Segment Open

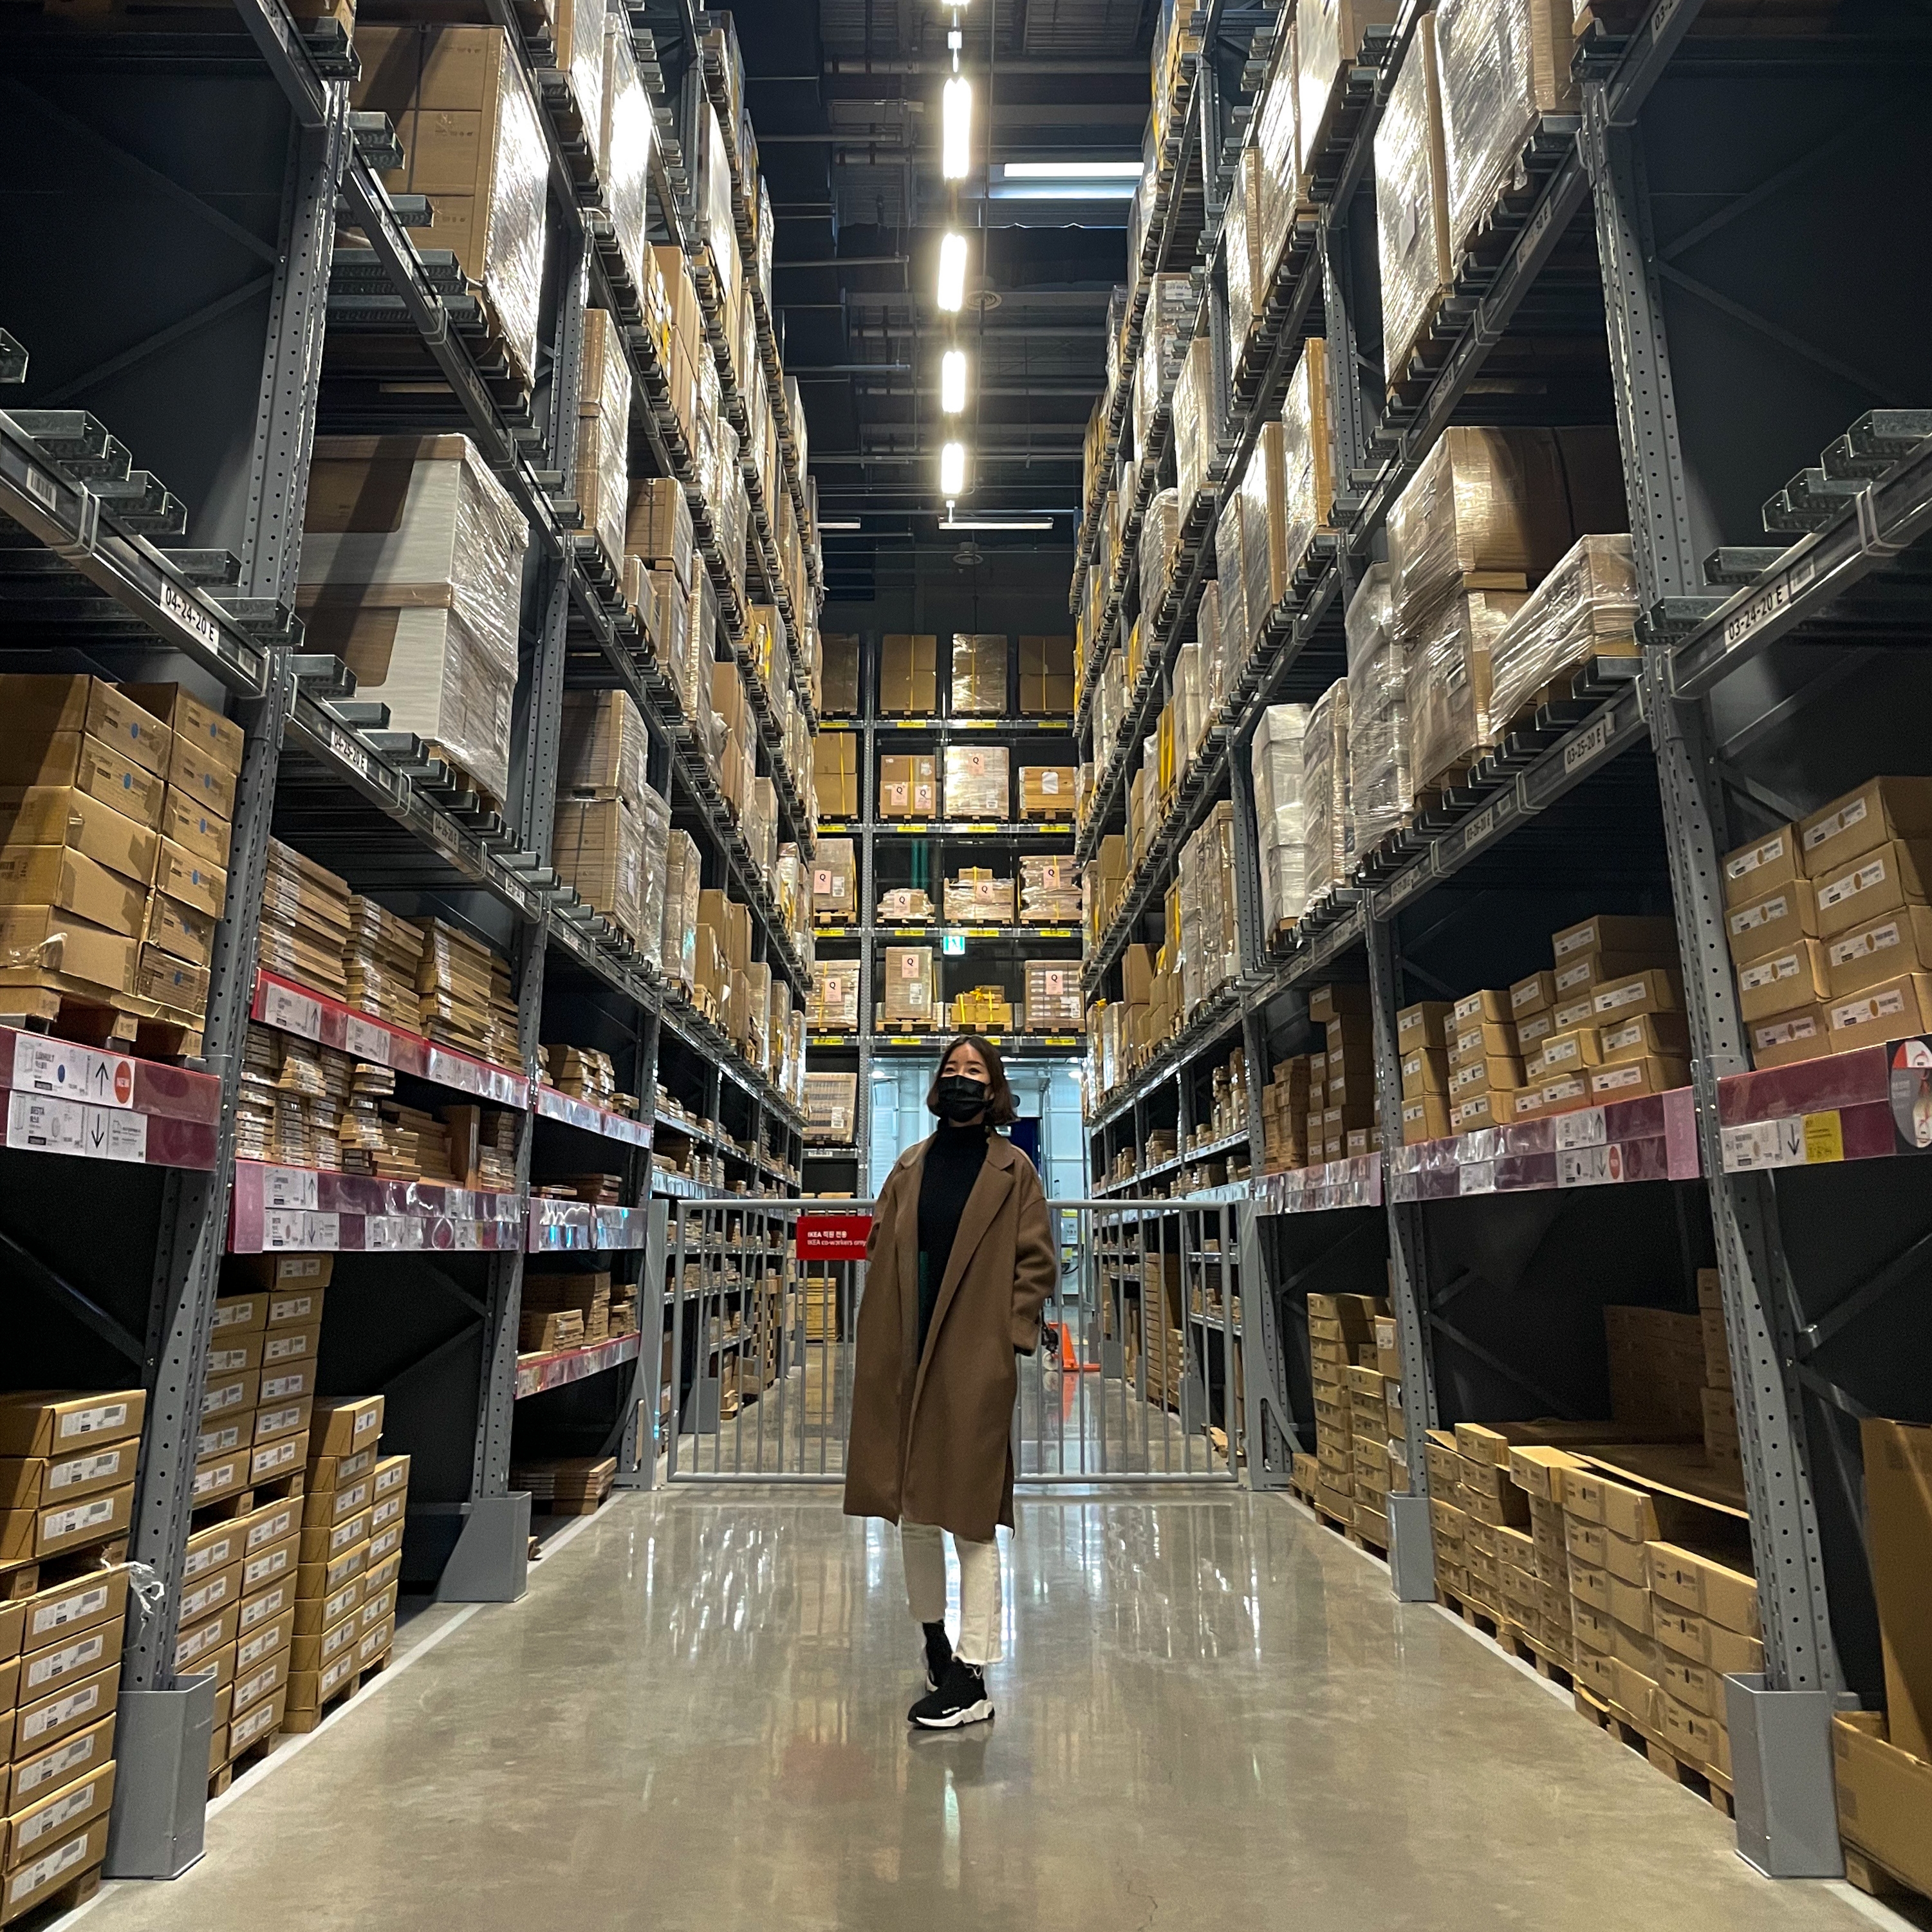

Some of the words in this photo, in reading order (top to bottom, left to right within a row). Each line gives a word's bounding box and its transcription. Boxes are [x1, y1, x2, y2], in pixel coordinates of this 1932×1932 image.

[166, 587, 206, 635] 04-24-20
[209, 623, 214, 642] E
[1729, 592, 1773, 640] 03-24-20
[1776, 585, 1783, 604] E
[1567, 732, 1595, 765] 03-25-20
[1597, 728, 1601, 743] E
[361, 755, 364, 769] E
[920, 789, 926, 798] Q
[819, 873, 826, 882] Q
[1048, 869, 1055, 877] Q
[907, 958, 913, 966] Q
[1051, 974, 1057, 983] Q
[829, 981, 836, 990] Q
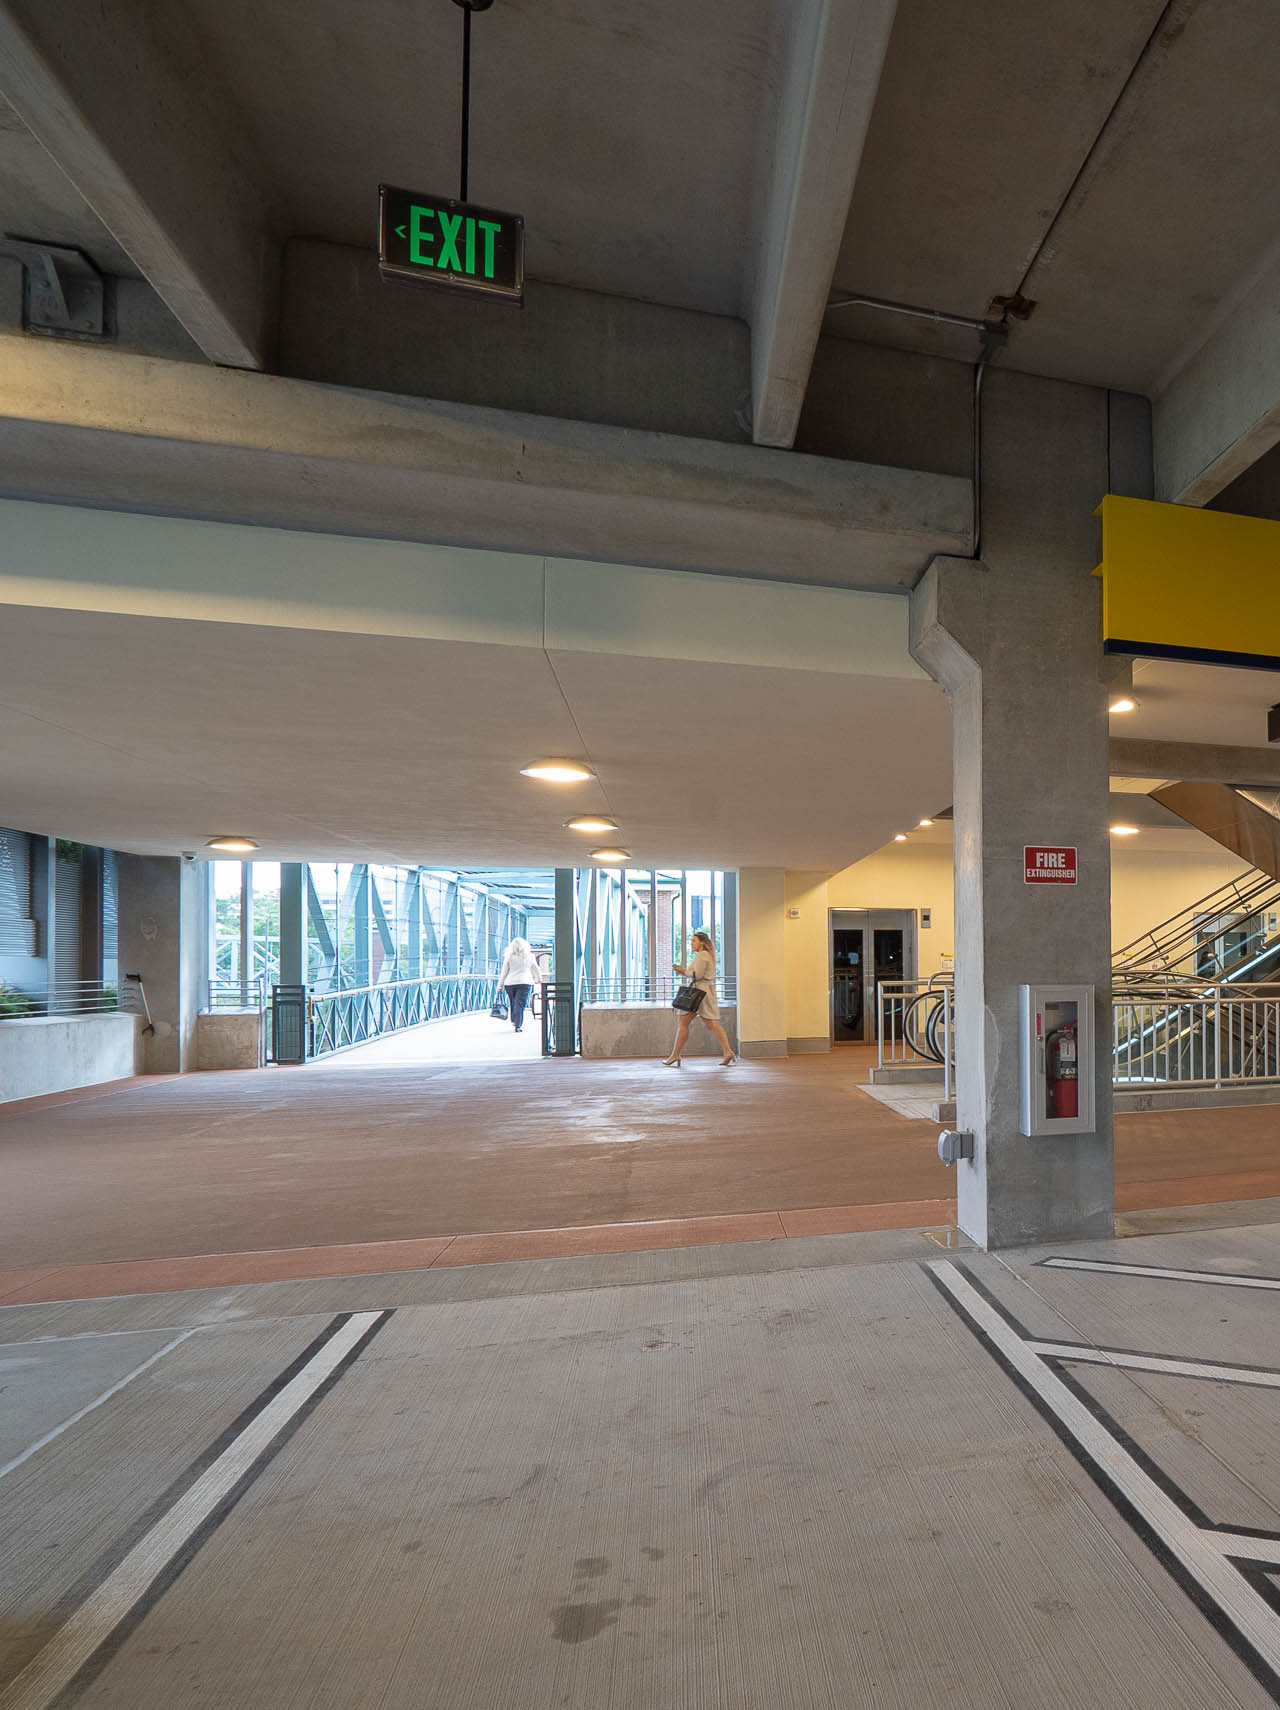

Segment Closed

→ Work instruction
Go through the material above and repeat it exactly. Omit the pictures.

→ Answer to this exercise
Some of the words in this photo, in reading order (top to bottom, left to right within a row). Each line gives a word's bounding box and its transcription. Boxes are [x1, y1, x2, y2], in pixel coordinates of this 1932×1932 image.

[166, 587, 206, 635] 04-24-20
[209, 623, 214, 642] E
[1729, 592, 1773, 640] 03-24-20
[1776, 585, 1783, 604] E
[1567, 732, 1595, 765] 03-25-20
[1597, 728, 1601, 743] E
[361, 755, 364, 769] E
[920, 789, 926, 798] Q
[819, 873, 826, 882] Q
[1048, 869, 1055, 877] Q
[907, 958, 913, 966] Q
[1051, 974, 1057, 983] Q
[829, 981, 836, 990] Q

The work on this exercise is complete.